Ergodicity for the randomly forced Navier-Stokes system in a two-dimensional unbounded domain

TL;DR

This paper proves the uniqueness and exponential mixing of the stationary measure for the 2D Navier-Stokes system in an unbounded domain with random forcing, extending ergodic theory beyond bounded domains.

Contribution

It establishes ergodic properties for the 2D Navier-Stokes system in unbounded domains, a setting previously limited to bounded domains, using controllability and asymptotic compactness techniques.

Findings

Proves uniqueness of stationary measure

Establishes exponential mixing in dual-Lipschitz metric

Extends ergodic results to unbounded domains

Abstract

The ergodic properties of the randomly forced Navier-Stokes system have been extensively studied in the literature during the last two decades.

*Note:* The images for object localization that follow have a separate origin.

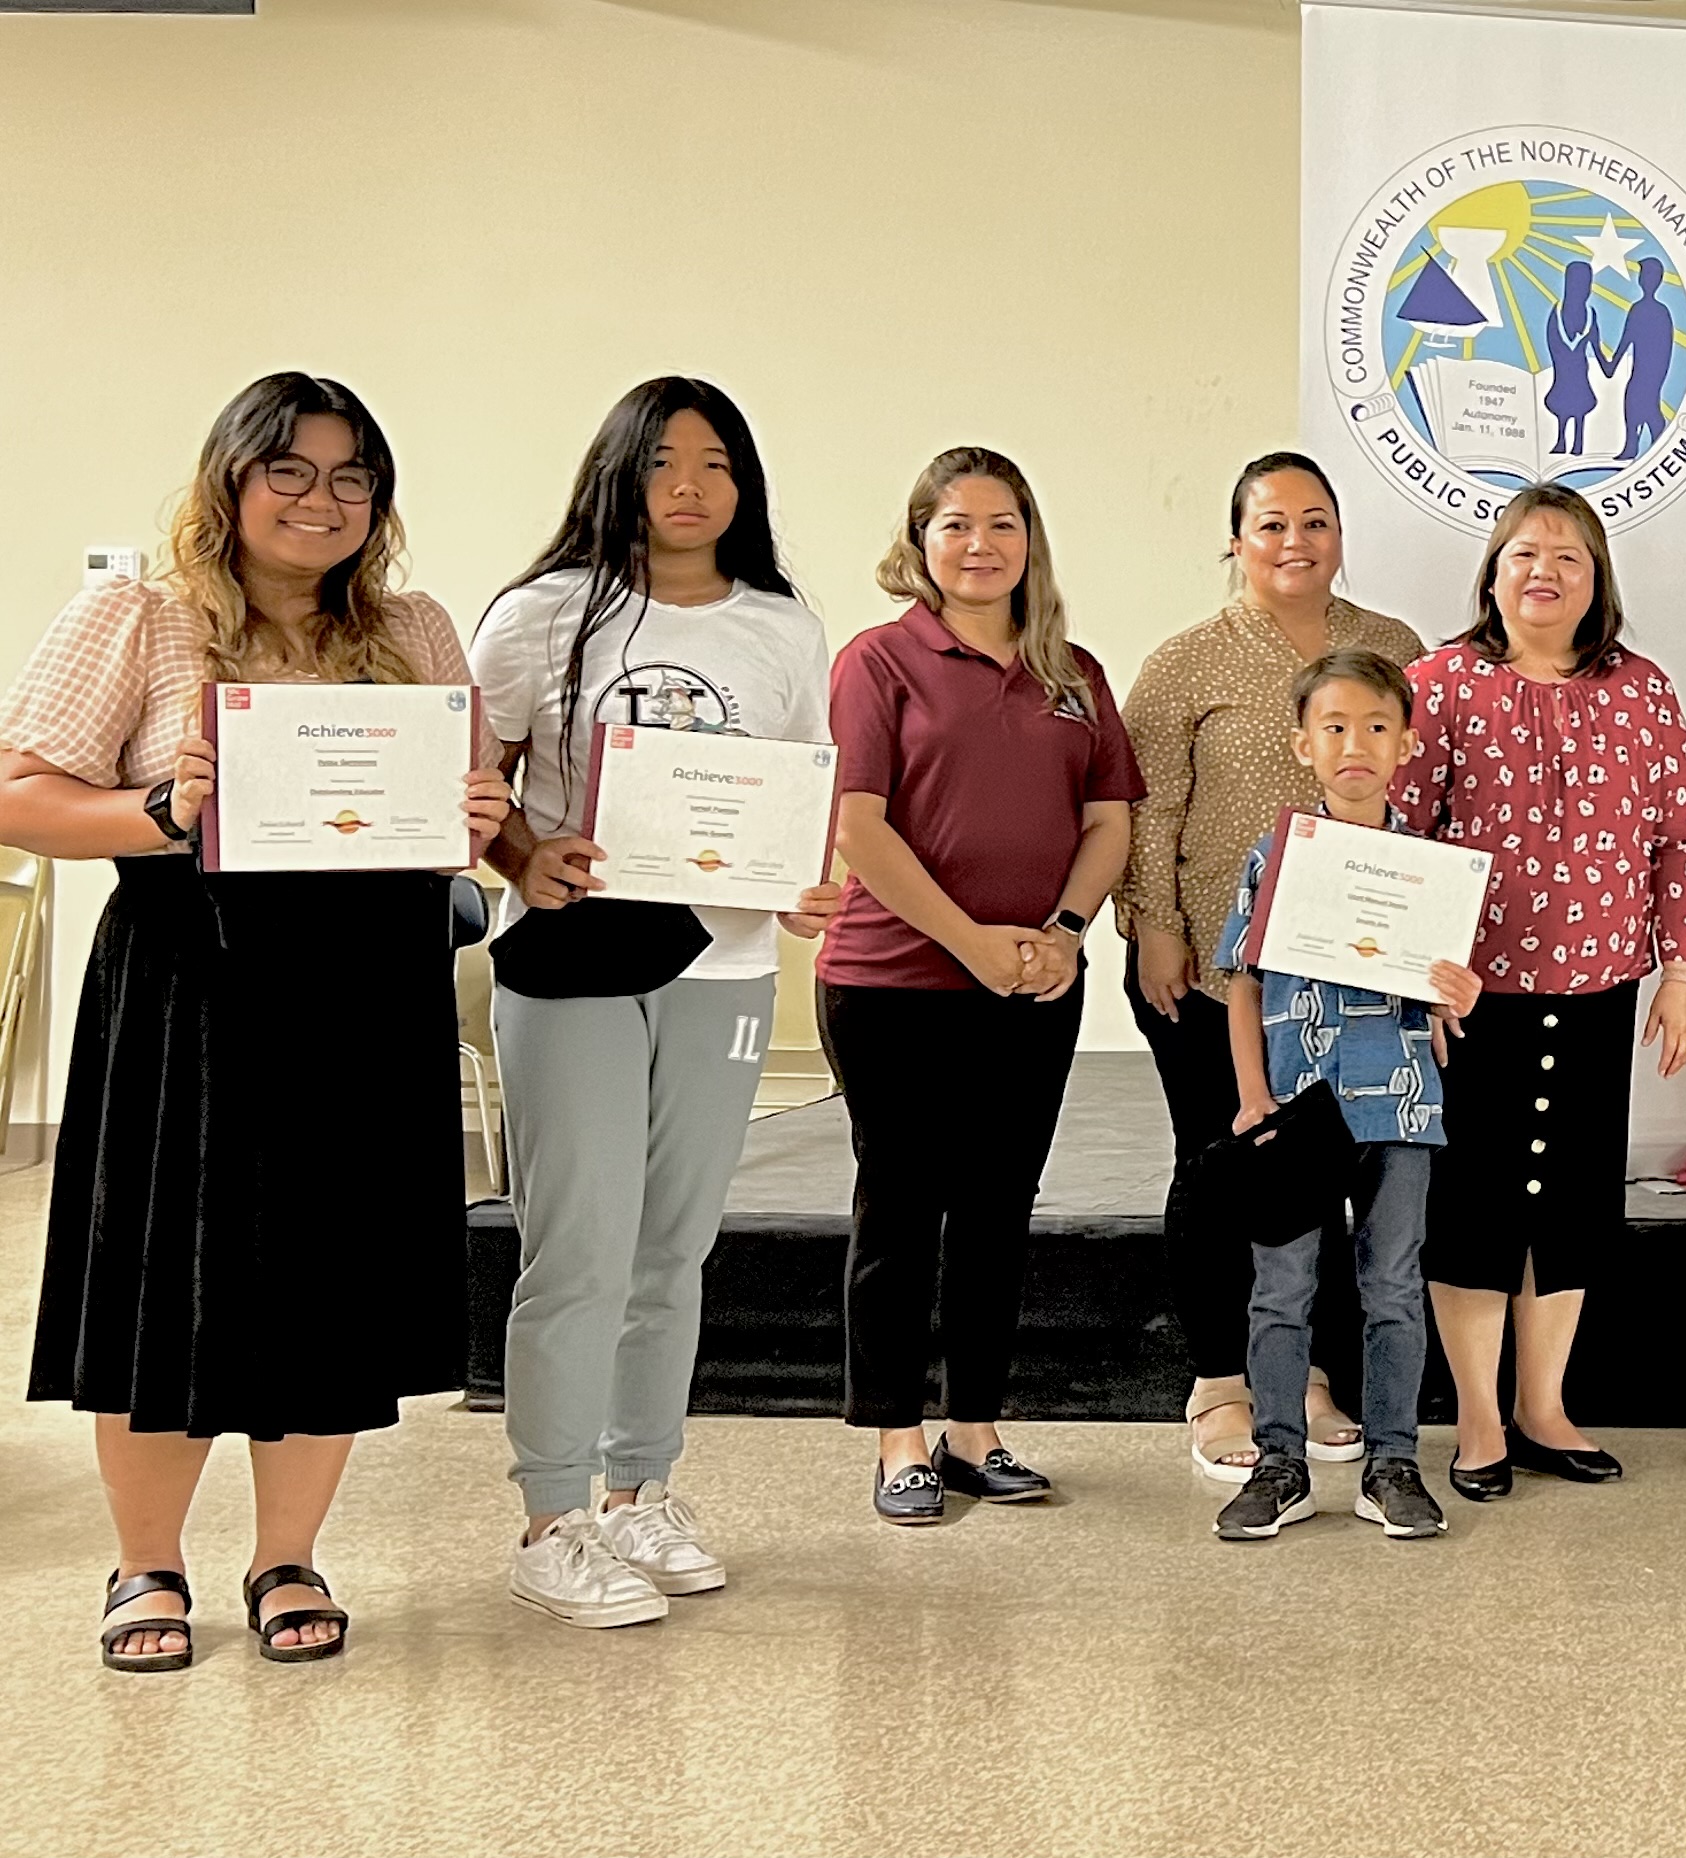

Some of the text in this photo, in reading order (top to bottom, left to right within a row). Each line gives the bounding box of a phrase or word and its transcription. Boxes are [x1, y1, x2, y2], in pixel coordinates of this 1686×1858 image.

[1341, 181, 1427, 384] COMMONWEALTH
[1425, 157, 1457, 189] OF
[1461, 141, 1513, 174] THE
[1520, 140, 1656, 201] NORTHERN
[1468, 379, 1517, 394] Founded
[1479, 395, 1505, 407] 1947
[1462, 408, 1518, 425] Autonomy
[1377, 428, 1467, 509] PUBLIC
[298, 723, 398, 738] Achieve3000
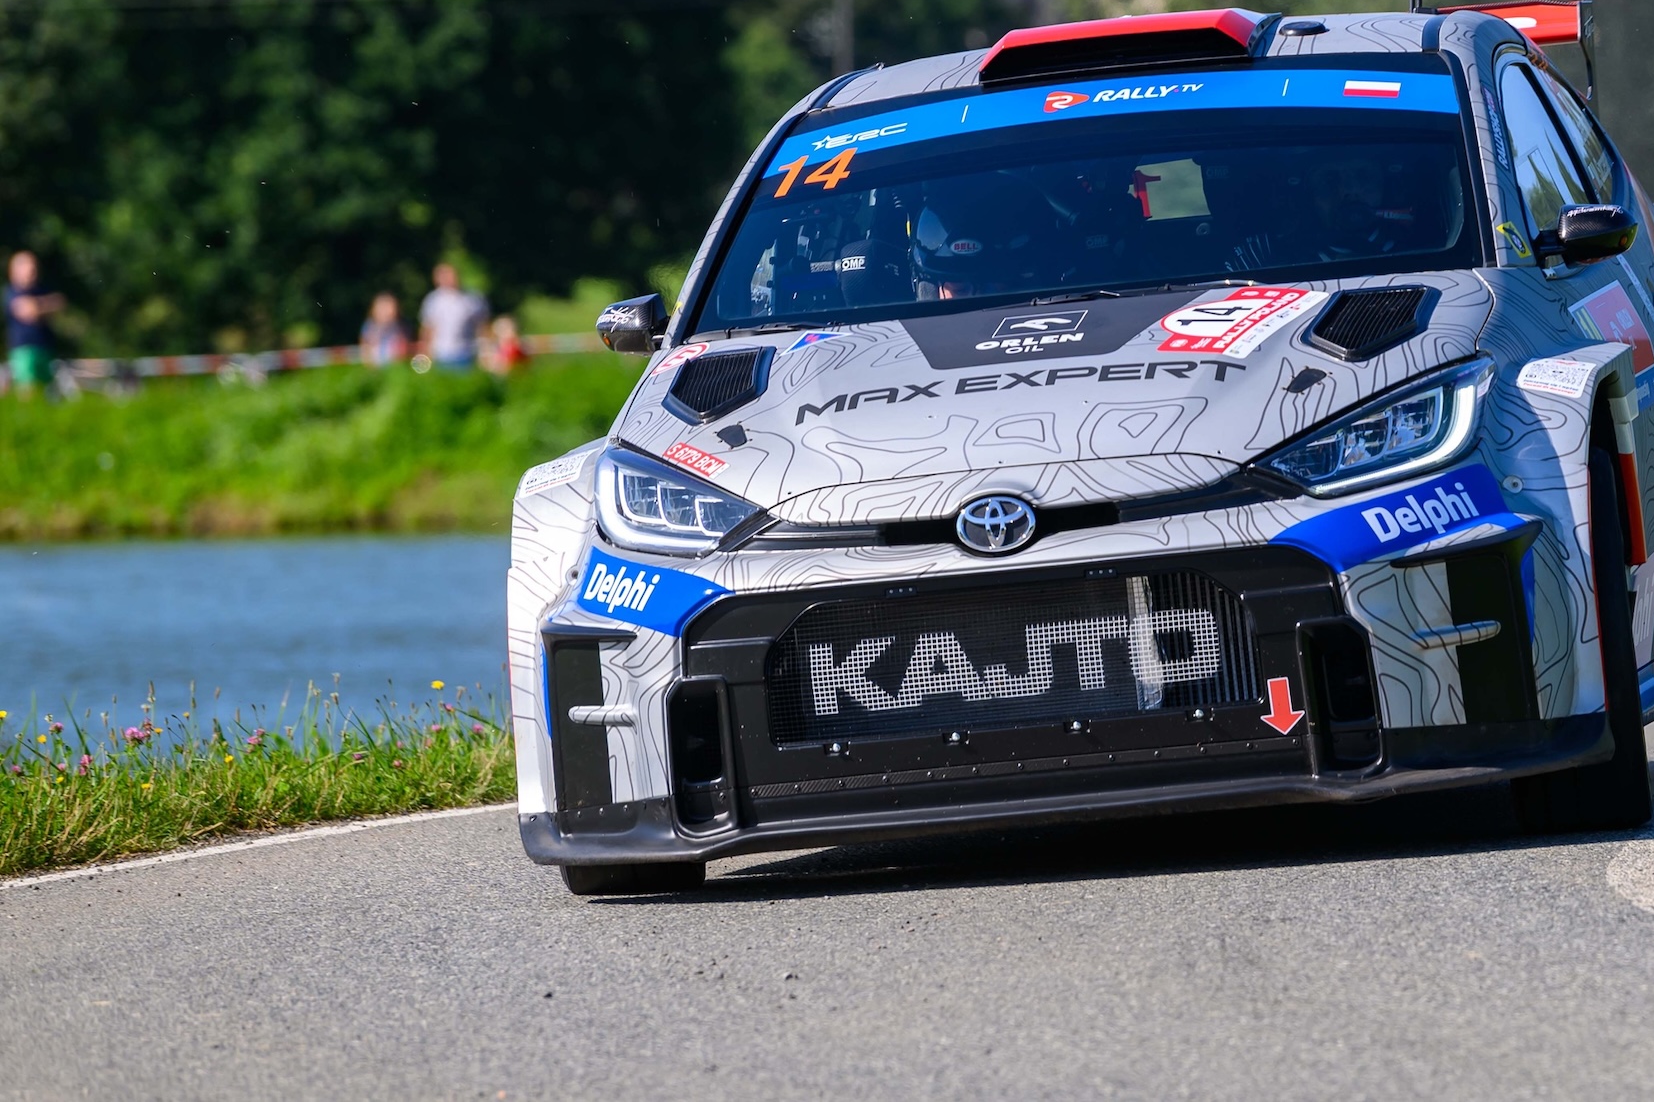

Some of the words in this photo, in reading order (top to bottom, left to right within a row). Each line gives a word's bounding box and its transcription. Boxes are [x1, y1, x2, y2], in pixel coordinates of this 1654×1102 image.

[818, 123, 907, 150] ERC
[774, 148, 857, 199] 14
[842, 257, 866, 271] OMP
[953, 243, 977, 251] BELL
[1177, 306, 1253, 326] 14
[1212, 317, 1254, 349] RALLY
[1251, 292, 1300, 322] POLAND
[975, 333, 1084, 350] ORLEN
[1005, 345, 1044, 354] OIL
[795, 380, 945, 426] MAX
[955, 360, 1247, 394] EXPERT
[1360, 482, 1480, 543] Delphi
[583, 562, 661, 613] Delphi
[809, 609, 1221, 716] KAJTO
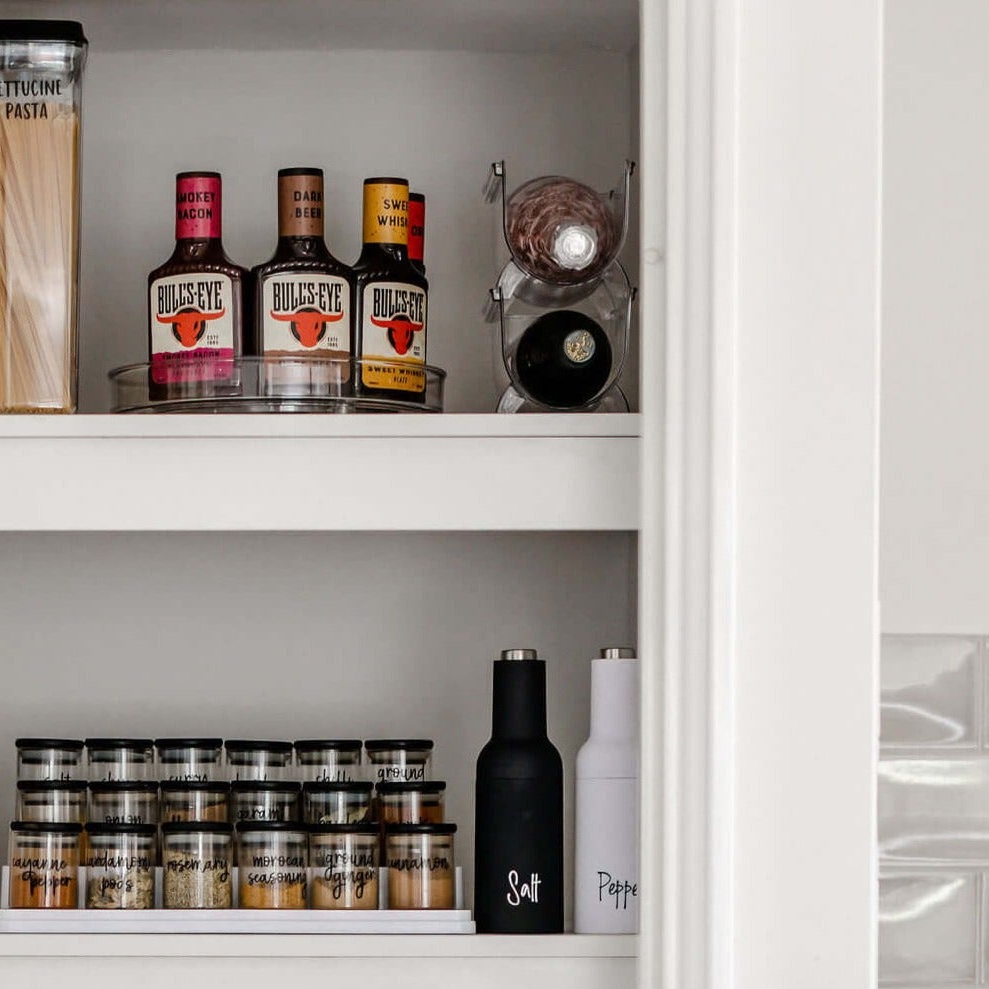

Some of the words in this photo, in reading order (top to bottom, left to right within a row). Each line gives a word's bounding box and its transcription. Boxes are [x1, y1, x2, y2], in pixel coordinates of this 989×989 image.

The problem has always been considered in bounded domains, in order to have, for example, suitable spectral properties for the Stokes operator, to ensure some compactness properties for the resolving operator of the system and the associated functional spaces, etc. In the present paper, we consider the Navier-Stokes system in an unbounded domain satisfying the Poincar\'e inequality. Assuming that the system is perturbed by a bounded non-degenerate noise, we establish uniqueness of stationary measure and exponential mixing in the dual-Lipschitz metric. The proof is carried out by developing the controllability approach of the papers arXiv:1803.01893 and arXiv:1802.03250 and using the asymptotic compactness of the dynamics.